DERRUMBES

 

 Artículo de Jon Juaristi en “ABC” del 25.02.07

 

 Por su interés y relevancia he seleccionado el artículo que sigue para incluirlo en este sitio web.

 

 

Es posible vencer al terrorismo sin guerras sucias ni negociaciones políticas. El caso de Italia lo demuestra. Durante casi dos décadas, entre los sesenta y los ochenta, la sociedad italiana fue golpeada por el terrorismo más sanguinario que Europa haya conocido hasta la aparición del azote islamista, pero Italia resistió porque todavía era una sociedad; es decir, una población consciente de poseer un legado y unos fines comunes. Quizá esa conciencia se haya perdido, como temía la valerosa Oriana Fallaci, e Italia esté hoy tan inerme como nosotros ante las nuevas amenazas del siglo, pero entonces resistió, y las Brigadas Rojas, los Núcleos Armados Proletarios y todas las bandas surgidas de la socialización del terror son ya historia pasada.

¿Qué hizo posible esa victoria? En primer lugar, el Estado de Derecho funcionó. Jueces y policías cumplieron con su deber paciente y heroicamente, asumiendo todo el riesgo y sin buscar atajos. Pero el factor decisivo fue la unidad social, el compromiso de los partidos mayoritarios firmemente apoyados por sus bases electorales. No hubo vacilación alguna en el mantenimiento del gran consenso nacional de la posguerra entre católicos y comunistas que, aun enfrentados en la gresca política cotidiana, supieron plegarse al interés superior de la preservación de la democracia, marginando a la extrema derecha y a la extrema izquierda y desoyendo a los intelectuales exquisitos que incitaban a la rendición. No se tardaría mucho en comprobar que los movimientos nacidos del sesenta y ocho, la Horda de Oro que evoca ahora Ballestrini como una gran ola revolucionaria levantándose desde el hondón de la humilde Italia, no eran más que la espuma de los días, un epifenómeno destinado a convertirse en bandolerismo urbano.

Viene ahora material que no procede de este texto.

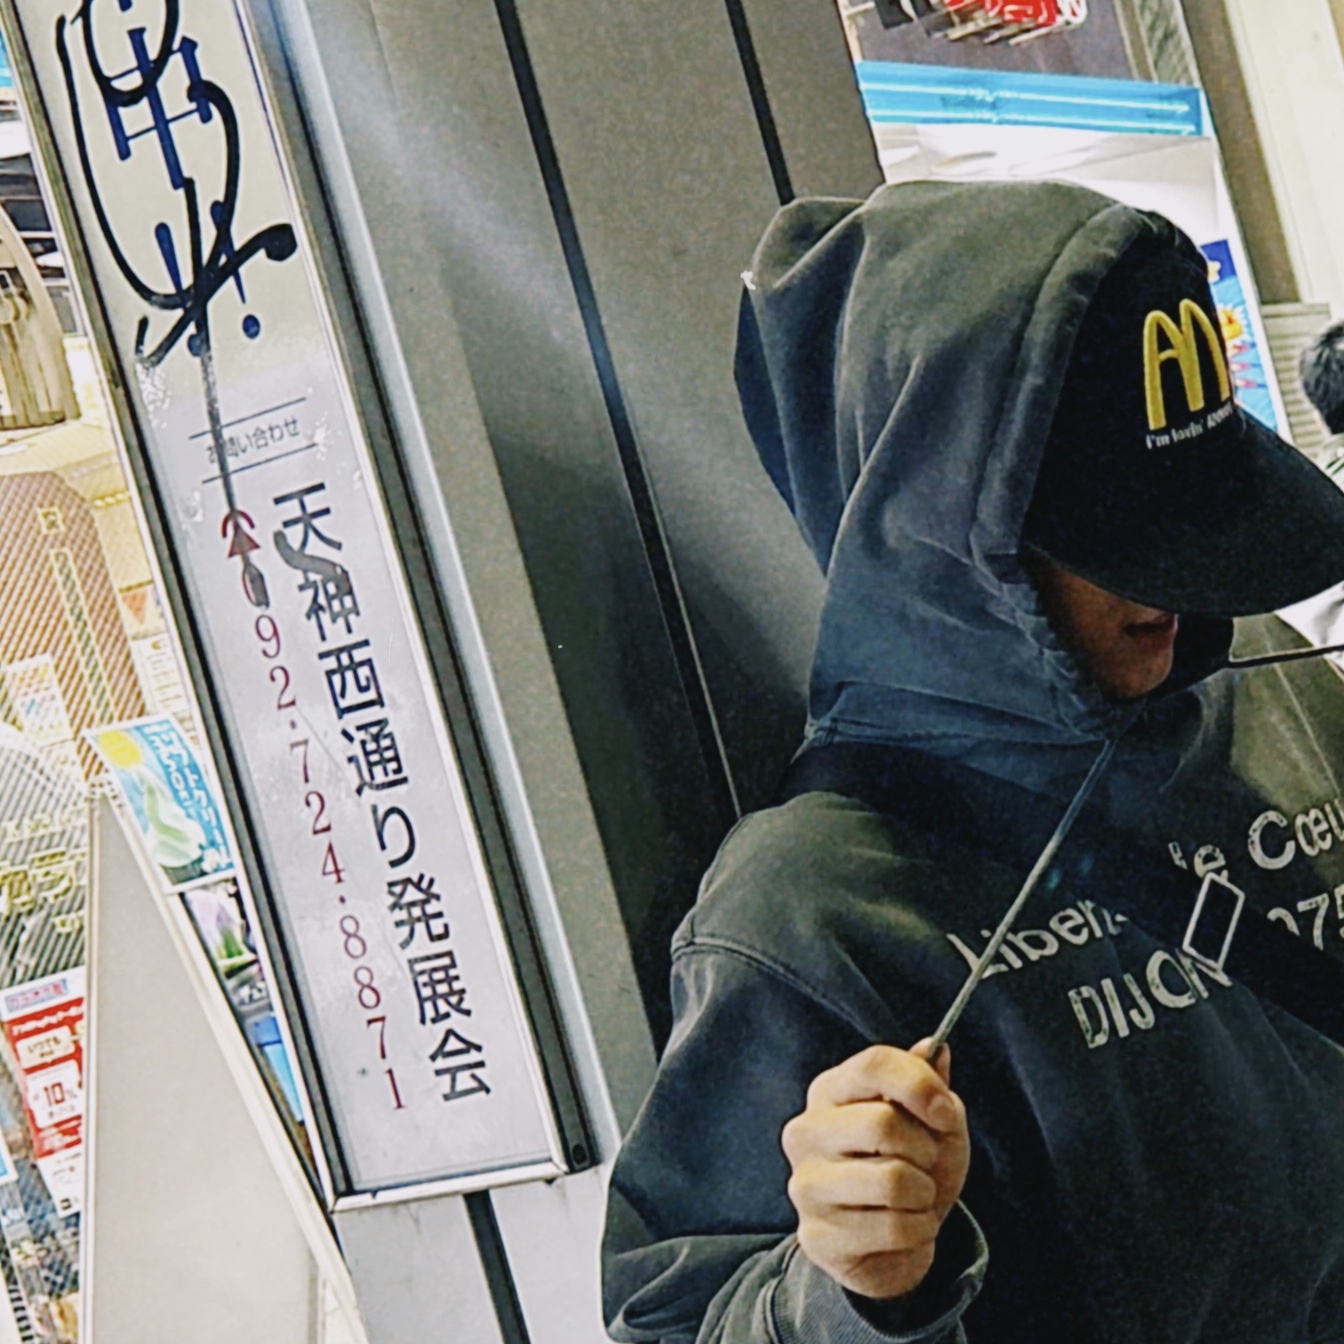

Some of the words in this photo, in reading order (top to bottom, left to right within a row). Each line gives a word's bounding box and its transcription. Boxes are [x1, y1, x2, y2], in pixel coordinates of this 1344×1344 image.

El compromiso histórico no se resquebrajó a consecuencia del terrorismo. Lo que terminó con él fue el eclipse del eurocomunismo tras el hundimiento del bloque soviético. Sobrevino entonces la corrupción generalizada, la cleptocracia que minó la confianza de los italianos en el sistema y promovió el cinismo como rasgo dominante en la actividad política. Entre los diagnósticos más acertados de la situación destaca el del filósofo Augusto Del Noce, que, en sus últimos años (murió en 1989), advirtió a la izquierda poscomunista del peligro implícito en los proyectos de conquistar la hegemonía partiendo de la ausencia de tradición y valores que caracterizaba al progresismo, y le animó a recuperar aquellos elementos morales del fenecido comunismo que le permitiesen contribuir a la regeneración de la democracia aliándose en un nuevo compromiso con los democristianos. Del Noce veía con terrible lucidez que la combinación entre capitalismo, revolución tecnológica y progresismo vacuo sería mucho más deletérea para la libertad que el propio terrorismo, porque disolvería lo que quedara de sociedad y dejaría a la nación sin defensa ante formas insólitas de terror totalitario.

El caso italiano puede ayudarnos a comprender el nuestro. En vez de un compromiso entre católicos y comunistas, hubo aquí un pacto constitucional entre izquierda, derecha y nacionalismos. Pero ni estos últimos estaban dispuestos a ofrecer garantías de lealtad, ni la izquierda mayoritaria, que se deslizó rápidamente hacia el progresismo, entendió que la Constitución de 1978 implicaba, ante todo, un compromiso histórico con la derecha, en la que nunca dejó de ver una mera continuidad del franquismo. De ahí el fracaso de los gobiernos de Felipe González ante ETA, en una política errática que osciló entre las concesiones gratuitas e inútiles al nacionalismo vasco y las concesiones corruptas a las cloacas del Estado. Lo más cerca que estuvimos nunca de algo parecido lejanamente a un compromiso histórico fue durante la firma solemne del Pacto Antiterrorista, que los socialistas empezaron a romper el día siguiente. En realidad, era iluso pretender que lo respetaran. De los comunismos cabía esperar un mínimo sentido nacional. Los progresistas son especialistas en derrumbes, porque el propio progresismo procede del derrumbe del socialismo real. Qué menos que su hegemonía haya supuesto el derrumbe del Pacto Antiterrorista, el derrumbe del Estado ante los nacionalismos, el derrumbe del Gobierno ante ETA y, claro está, el derrumbe de la nación ante el terrorismo islámico.